=== RECORDS PROVIDED ===

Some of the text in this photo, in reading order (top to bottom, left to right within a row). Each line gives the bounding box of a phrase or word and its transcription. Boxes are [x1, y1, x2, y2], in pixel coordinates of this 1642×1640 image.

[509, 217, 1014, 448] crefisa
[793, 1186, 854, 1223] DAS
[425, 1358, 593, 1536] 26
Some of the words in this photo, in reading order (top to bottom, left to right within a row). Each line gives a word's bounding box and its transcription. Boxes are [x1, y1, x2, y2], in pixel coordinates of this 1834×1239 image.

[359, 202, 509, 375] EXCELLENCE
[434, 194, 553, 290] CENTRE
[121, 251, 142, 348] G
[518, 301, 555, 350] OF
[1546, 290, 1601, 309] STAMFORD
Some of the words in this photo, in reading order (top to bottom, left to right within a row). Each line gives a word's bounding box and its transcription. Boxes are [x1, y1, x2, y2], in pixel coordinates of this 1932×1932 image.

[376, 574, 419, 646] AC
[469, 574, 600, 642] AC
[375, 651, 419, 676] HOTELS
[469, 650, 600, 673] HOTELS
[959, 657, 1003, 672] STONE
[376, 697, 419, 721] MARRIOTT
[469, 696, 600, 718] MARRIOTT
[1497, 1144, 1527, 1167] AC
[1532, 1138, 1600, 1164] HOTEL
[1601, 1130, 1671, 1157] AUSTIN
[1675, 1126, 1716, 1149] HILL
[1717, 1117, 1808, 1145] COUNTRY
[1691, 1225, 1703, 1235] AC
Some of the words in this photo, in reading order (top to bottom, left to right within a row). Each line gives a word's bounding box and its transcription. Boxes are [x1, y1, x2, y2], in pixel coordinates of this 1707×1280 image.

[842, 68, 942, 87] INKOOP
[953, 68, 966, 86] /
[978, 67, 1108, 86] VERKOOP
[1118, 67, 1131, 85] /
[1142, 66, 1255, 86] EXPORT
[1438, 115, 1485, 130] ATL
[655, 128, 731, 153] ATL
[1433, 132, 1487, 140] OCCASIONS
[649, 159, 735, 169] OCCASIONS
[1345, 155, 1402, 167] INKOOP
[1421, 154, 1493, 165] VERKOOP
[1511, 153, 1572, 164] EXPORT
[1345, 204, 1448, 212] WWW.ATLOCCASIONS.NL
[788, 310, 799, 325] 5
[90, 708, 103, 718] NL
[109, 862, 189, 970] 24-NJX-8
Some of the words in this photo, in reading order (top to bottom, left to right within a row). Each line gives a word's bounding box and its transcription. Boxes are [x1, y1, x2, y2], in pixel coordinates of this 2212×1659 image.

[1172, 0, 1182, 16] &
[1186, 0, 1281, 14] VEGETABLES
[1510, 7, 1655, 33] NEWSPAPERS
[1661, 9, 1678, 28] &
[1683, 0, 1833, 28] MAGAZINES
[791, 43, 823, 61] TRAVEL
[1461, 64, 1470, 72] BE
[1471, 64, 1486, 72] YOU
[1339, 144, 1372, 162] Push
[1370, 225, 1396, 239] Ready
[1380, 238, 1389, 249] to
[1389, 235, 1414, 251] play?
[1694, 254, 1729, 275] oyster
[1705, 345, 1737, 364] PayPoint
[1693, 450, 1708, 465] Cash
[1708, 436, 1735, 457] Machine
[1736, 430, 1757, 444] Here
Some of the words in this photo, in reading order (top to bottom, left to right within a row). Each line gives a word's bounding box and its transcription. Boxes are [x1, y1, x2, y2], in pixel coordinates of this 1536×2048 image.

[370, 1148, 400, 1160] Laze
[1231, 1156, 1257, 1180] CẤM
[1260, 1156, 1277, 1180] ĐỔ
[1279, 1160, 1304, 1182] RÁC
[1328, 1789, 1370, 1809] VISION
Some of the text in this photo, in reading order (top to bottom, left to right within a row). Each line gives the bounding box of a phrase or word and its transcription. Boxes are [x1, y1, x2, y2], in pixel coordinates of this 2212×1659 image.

===

# [WORK REQUIRED]
Your job is to print all of the material again, word for word.

# [ANSWER BELOW]
Some of the text in this photo, in reading order (top to bottom, left to right within a row). Each line gives the bounding box of a phrase or word and its transcription. Boxes are [x1, y1, x2, y2], in pixel coordinates of this 1642×1640 image.

[509, 217, 1014, 448] crefisa
[793, 1186, 854, 1223] DAS
[425, 1358, 593, 1536] 26
Some of the words in this photo, in reading order (top to bottom, left to right within a row). Each line gives a word's bounding box and its transcription. Boxes are [x1, y1, x2, y2], in pixel coordinates of this 1834×1239 image.

[359, 202, 509, 375] EXCELLENCE
[434, 194, 553, 290] CENTRE
[121, 251, 142, 348] G
[518, 301, 555, 350] OF
[1546, 290, 1601, 309] STAMFORD
Some of the words in this photo, in reading order (top to bottom, left to right within a row). Each line gives a word's bounding box and its transcription. Boxes are [x1, y1, x2, y2], in pixel coordinates of this 1932×1932 image.

[376, 574, 419, 646] AC
[469, 574, 600, 642] AC
[375, 651, 419, 676] HOTELS
[469, 650, 600, 673] HOTELS
[959, 657, 1003, 672] STONE
[376, 697, 419, 721] MARRIOTT
[469, 696, 600, 718] MARRIOTT
[1497, 1144, 1527, 1167] AC
[1532, 1138, 1600, 1164] HOTEL
[1601, 1130, 1671, 1157] AUSTIN
[1675, 1126, 1716, 1149] HILL
[1717, 1117, 1808, 1145] COUNTRY
[1691, 1225, 1703, 1235] AC
Some of the words in this photo, in reading order (top to bottom, left to right within a row). Each line gives a word's bounding box and its transcription. Boxes are [x1, y1, x2, y2], in pixel coordinates of this 1707×1280 image.

[842, 68, 942, 87] INKOOP
[953, 68, 966, 86] /
[978, 67, 1108, 86] VERKOOP
[1118, 67, 1131, 85] /
[1142, 66, 1255, 86] EXPORT
[1438, 115, 1485, 130] ATL
[655, 128, 731, 153] ATL
[1433, 132, 1487, 140] OCCASIONS
[649, 159, 735, 169] OCCASIONS
[1345, 155, 1402, 167] INKOOP
[1421, 154, 1493, 165] VERKOOP
[1511, 153, 1572, 164] EXPORT
[1345, 204, 1448, 212] WWW.ATLOCCASIONS.NL
[788, 310, 799, 325] 5
[90, 708, 103, 718] NL
[109, 862, 189, 970] 24-NJX-8
Some of the words in this photo, in reading order (top to bottom, left to right within a row). Each line gives a word's bounding box and its transcription. Boxes are [x1, y1, x2, y2], in pixel coordinates of this 2212×1659 image.

[1172, 0, 1182, 16] &
[1186, 0, 1281, 14] VEGETABLES
[1510, 7, 1655, 33] NEWSPAPERS
[1661, 9, 1678, 28] &
[1683, 0, 1833, 28] MAGAZINES
[791, 43, 823, 61] TRAVEL
[1461, 64, 1470, 72] BE
[1471, 64, 1486, 72] YOU
[1339, 144, 1372, 162] Push
[1370, 225, 1396, 239] Ready
[1380, 238, 1389, 249] to
[1389, 235, 1414, 251] play?
[1694, 254, 1729, 275] oyster
[1705, 345, 1737, 364] PayPoint
[1693, 450, 1708, 465] Cash
[1708, 436, 1735, 457] Machine
[1736, 430, 1757, 444] Here
Some of the words in this photo, in reading order (top to bottom, left to right within a row). Each line gives a word's bounding box and its transcription. Boxes are [x1, y1, x2, y2], in pixel coordinates of this 1536×2048 image.

[370, 1148, 400, 1160] Laze
[1231, 1156, 1257, 1180] CẤM
[1260, 1156, 1277, 1180] ĐỔ
[1279, 1160, 1304, 1182] RÁC
[1328, 1789, 1370, 1809] VISION
Some of the text in this photo, in reading order (top to bottom, left to right within a row). Each line gives the bounding box of a phrase or word and its transcription. Boxes are [x1, y1, x2, y2], in pixel coordinates of this 2212×1659 image.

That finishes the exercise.